Dans notre document d’orientation, nous appelons à la mise en place de mesures ambitieuses tant au niveau national qu’européen pour assurer une protection contre les nombreuses tactiques utilisées par les personnes qui engagent des SLAPPS. Nous préconisons notamment :
- L’inscription de protections procédurales et autres gardes-fous au sein des systèmes procéduraux nationaux afin de mettre à disposition des prévenus des outils en vue de mettre un terme à de telles poursuites et éviter qu’elles ne traînent pendant des années, ainsi que la mise en place de mesures visant à les soutenir lorsqu’ils font face à de telles menaces. Des protections devraient s’appliquer dans les cas de poursuites engagées contre toutes formes de participation ou mobilisation publique (dont les manifestations pacifiques, l’activisme et le lancement d’alerte, ainsi que le journalisme), et s’appliquer à la fois aux affaires domestiques et transfrontalières.
- L’élaboration et adoption d’une directe anti-SLAPP établissant des protections minimales, dont la portée devrait être aussi étendue que possible.
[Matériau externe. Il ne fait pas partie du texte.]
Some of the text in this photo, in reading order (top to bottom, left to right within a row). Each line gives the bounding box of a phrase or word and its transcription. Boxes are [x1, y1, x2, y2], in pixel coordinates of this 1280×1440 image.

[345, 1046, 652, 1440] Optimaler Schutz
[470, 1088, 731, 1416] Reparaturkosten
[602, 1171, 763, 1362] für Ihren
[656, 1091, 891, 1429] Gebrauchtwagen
Si les législateurs européens arrivent à la conclusion que son intervention législative devrait se limiter uniquement aux affaires concernant des SLAPPS de nature transfrontalière, alors la directive anti-SLAPP de l’UE devrait s’appuyer sur une interprétation large de la notion d’« implication transfrontalière »
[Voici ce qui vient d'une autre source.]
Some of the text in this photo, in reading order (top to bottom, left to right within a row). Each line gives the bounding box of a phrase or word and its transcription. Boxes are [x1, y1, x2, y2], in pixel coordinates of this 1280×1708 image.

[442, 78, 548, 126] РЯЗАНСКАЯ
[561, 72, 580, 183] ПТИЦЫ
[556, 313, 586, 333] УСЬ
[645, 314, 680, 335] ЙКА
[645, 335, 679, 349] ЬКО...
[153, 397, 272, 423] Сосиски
- La mise en place d’autres mesures visant à prévenir les SLAPP et soutenir les cibles de ces dernières, devant être encouragées et surveillées au moyen d’une recommandation de l’UE, comprenant :
- Des mesures pour que les lois relatives à la criminalisation de propos et discours, comme la diffamation, la calomnie et l’injure soient en conformité avec les normes internationales des droits humains ;
- Des réflexions sur les moyens de traiter ce problème via des normes d’éthique et juridiques et professionnelles ;
- Des initiatives et formations en matière de sensibilisation à ces questions ;
- Un soutien apporté aux acteurs qui peuvent fournir une assistance aux personnes visées.
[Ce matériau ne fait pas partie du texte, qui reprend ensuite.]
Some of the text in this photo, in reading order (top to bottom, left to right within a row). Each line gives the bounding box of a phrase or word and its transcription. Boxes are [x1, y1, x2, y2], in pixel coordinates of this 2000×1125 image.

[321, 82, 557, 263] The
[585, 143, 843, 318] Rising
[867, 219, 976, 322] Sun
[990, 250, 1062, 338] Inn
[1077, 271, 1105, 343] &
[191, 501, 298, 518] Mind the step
Liberties travaille avec la coalition CASE pour sensibiliser davantage sur les SLAPPS, et pour soutenir et préconiser des mesures de protection globales permettant de combattre cette menace pour la démocratie en Europe. Suite aux annonces de la Commission européenne, qui a l’intention d’adopter une initiative anti-SLAPP, Liberties et ses partenaires de la coalition CASE ont préconisé, entre autres proposition, l’adoption d’un modèle de loi anti-SLAPP en Europe, que le public peut soutenir en signant la pétition en ligne. Nos appels ont récemment été soutenus par une résolution du Parlement européen.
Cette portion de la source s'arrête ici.